Eine Bocholterin und ihr langer Weg aus der Kokainabhängigkeit – Dritter Teil der BBV-Serie zur örtlichen Drogenszene

BBV, Barbara-Ellen Jeschke vom 10.01.2023
Wir danken dem BBV, dass wir den Bericht hier übernehmen dürfen.

Bocholt – Im dritten und letzten Teil der BBV-Serie über die Bocholter Drogenszene schildern wir das Schicksal einer Abhängigen. Als junges Mädchen begann sie zu kiffen. Cannabis ist eine Einstiegsdroge, sagt sie.
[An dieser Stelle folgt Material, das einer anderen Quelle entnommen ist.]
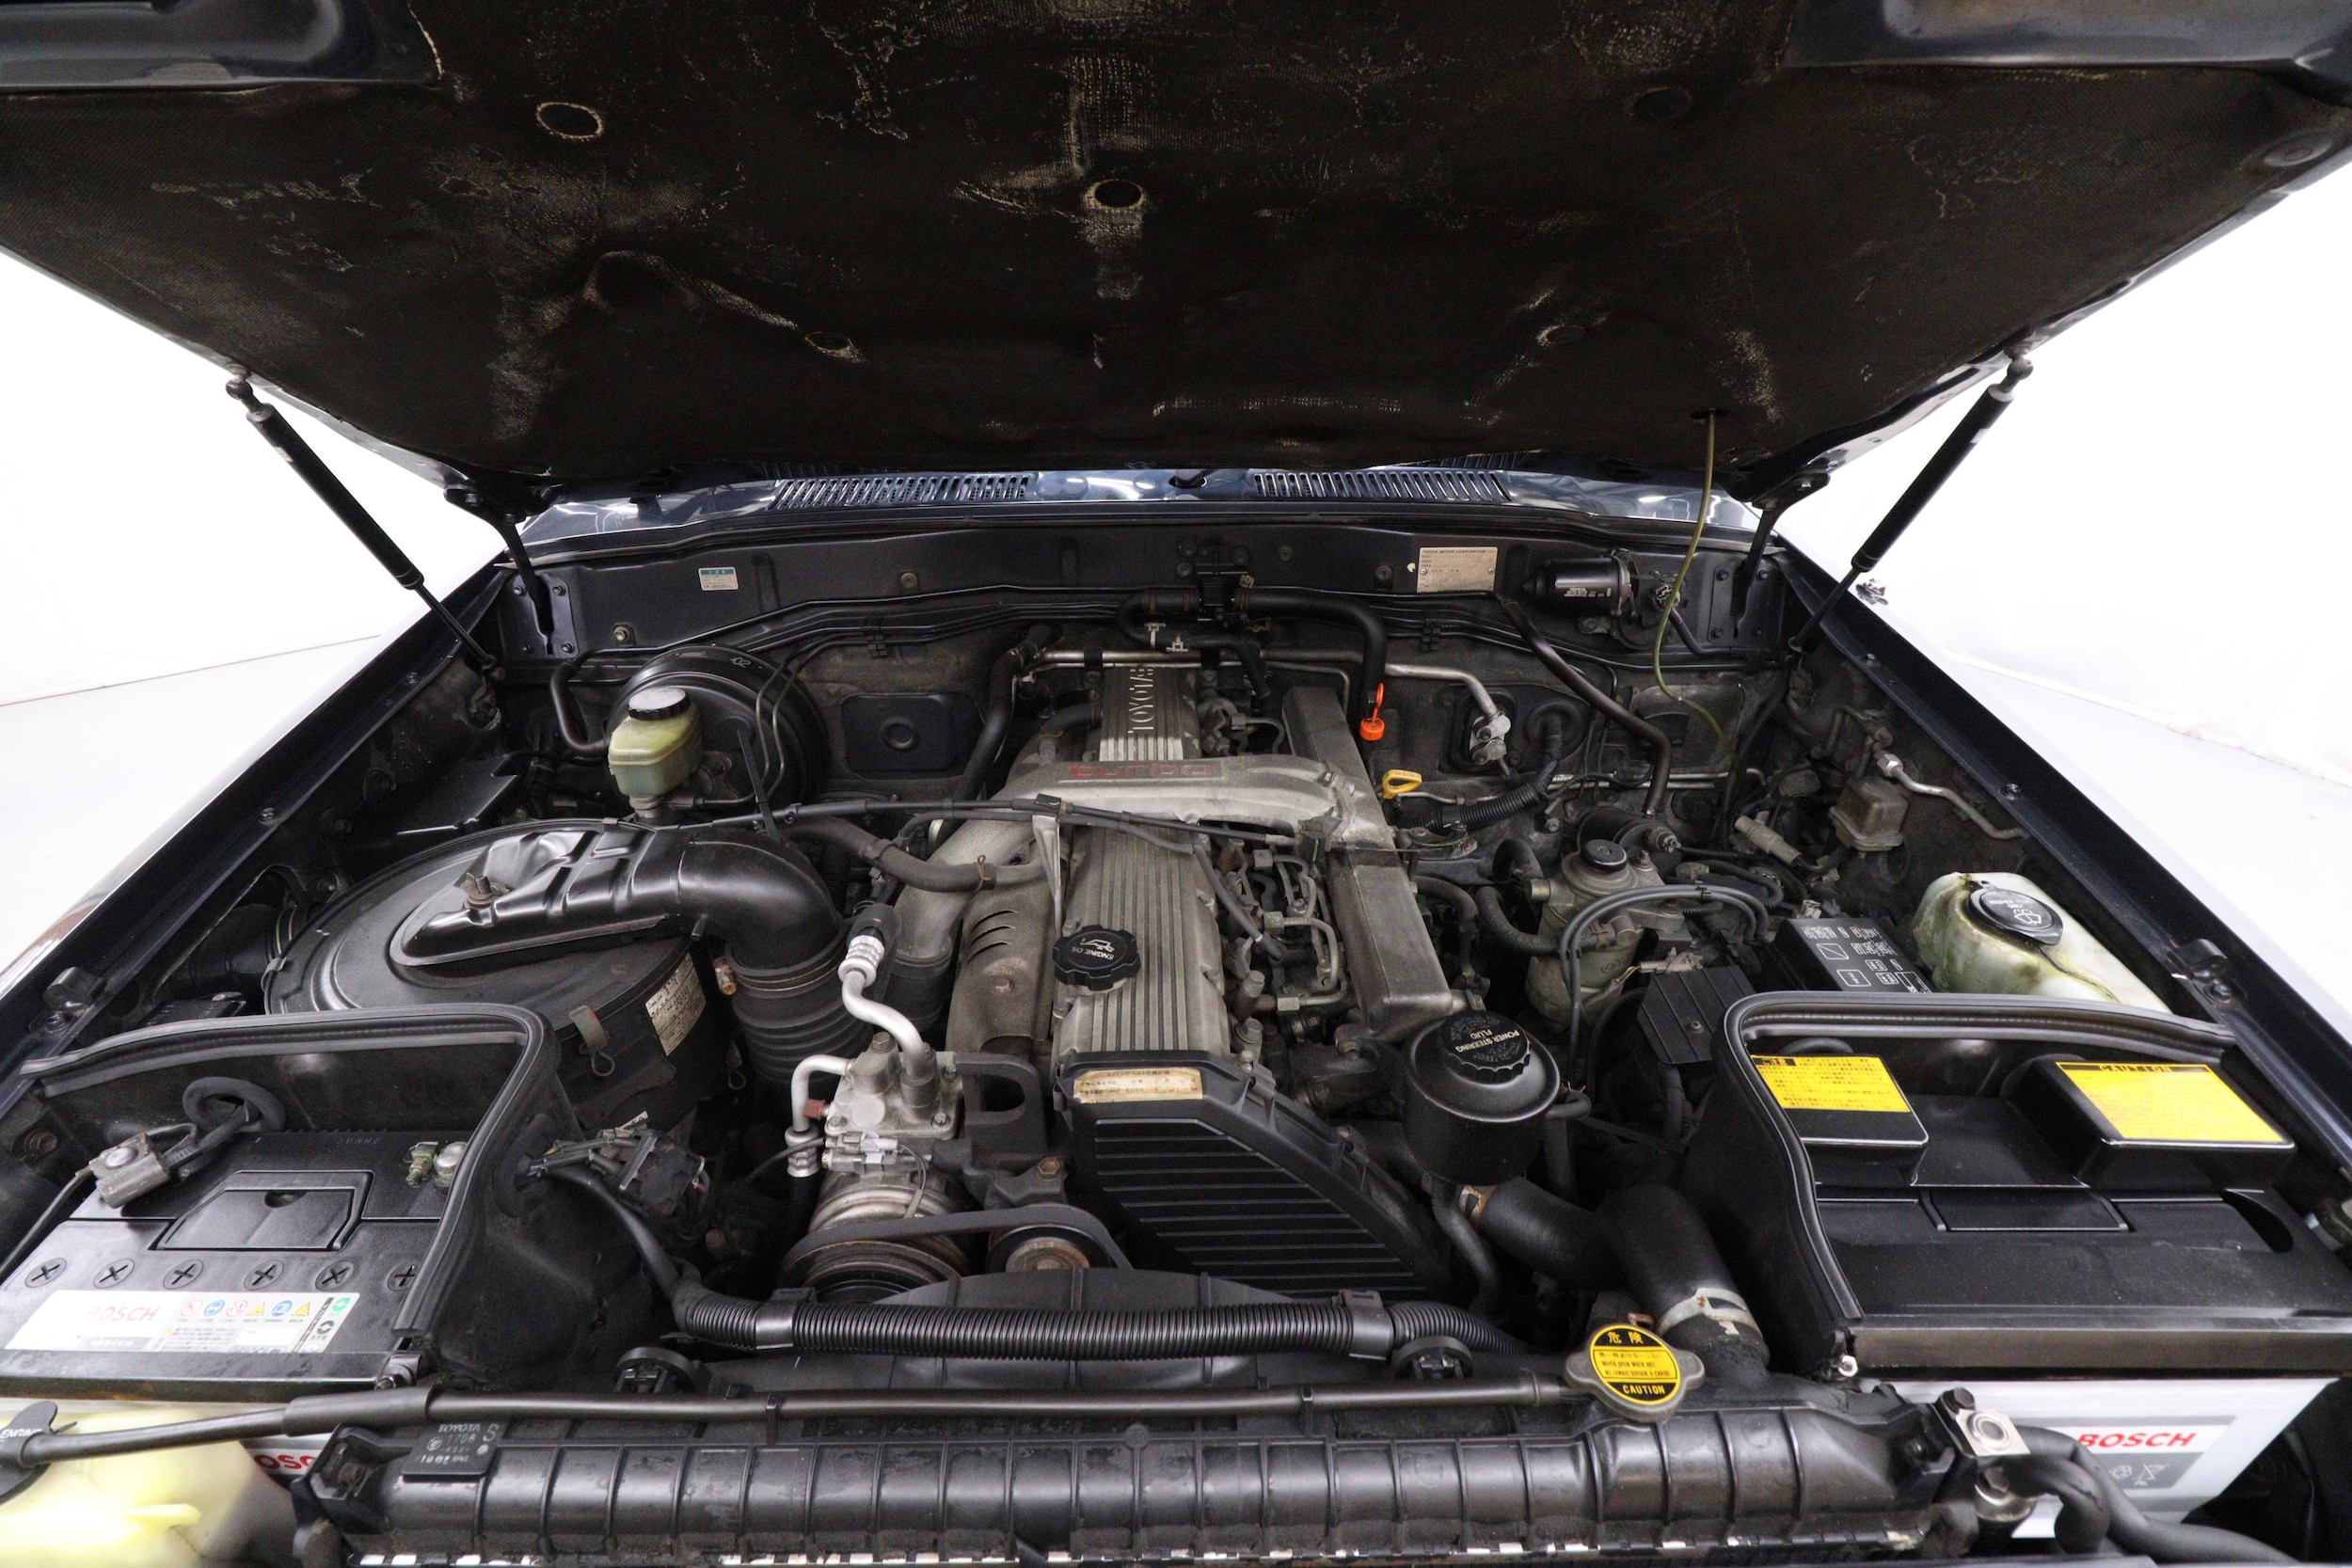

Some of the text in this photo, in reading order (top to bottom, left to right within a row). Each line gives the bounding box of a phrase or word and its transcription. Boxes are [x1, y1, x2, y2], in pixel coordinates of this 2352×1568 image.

„Man sagt immer, Cannabis ist eine Einstiegsdroge“, sagt Jessy T. (Name von der Redaktion geändert) und lacht. Anschließend wird sie schnell sehr ruhig: „Genau das ist es.“ Schon früh kommt die junge Frau mit Drogen in Berührung. „In meiner Familie hat jeder ein Suchtproblem“, erklärt Jessy. Überhaupt habe heute sowieso jeder ein Suchtproblem, und wenn es Spielsucht sei, meint sie.

Zum ersten Mal kifft sie mit 13 Jahren auf dem Schulhof. Ihre Schwester hat die Droge mit nach Hause gebracht. Mit ihr zusammen kifft sie auch im Jugendzentrum. „Egal wo, egal was, überall ist es einfach, an Drogen zu kommen. Wenn man etwas will, bekommt man das“, sagt Jessy. Zu Hause leidet sie unter häuslicher Gewalt. Als die Familie umzieht, haut sie von dort ab und rutscht immer tiefer in den Drogensumpf und damit auch in die Kriminalität.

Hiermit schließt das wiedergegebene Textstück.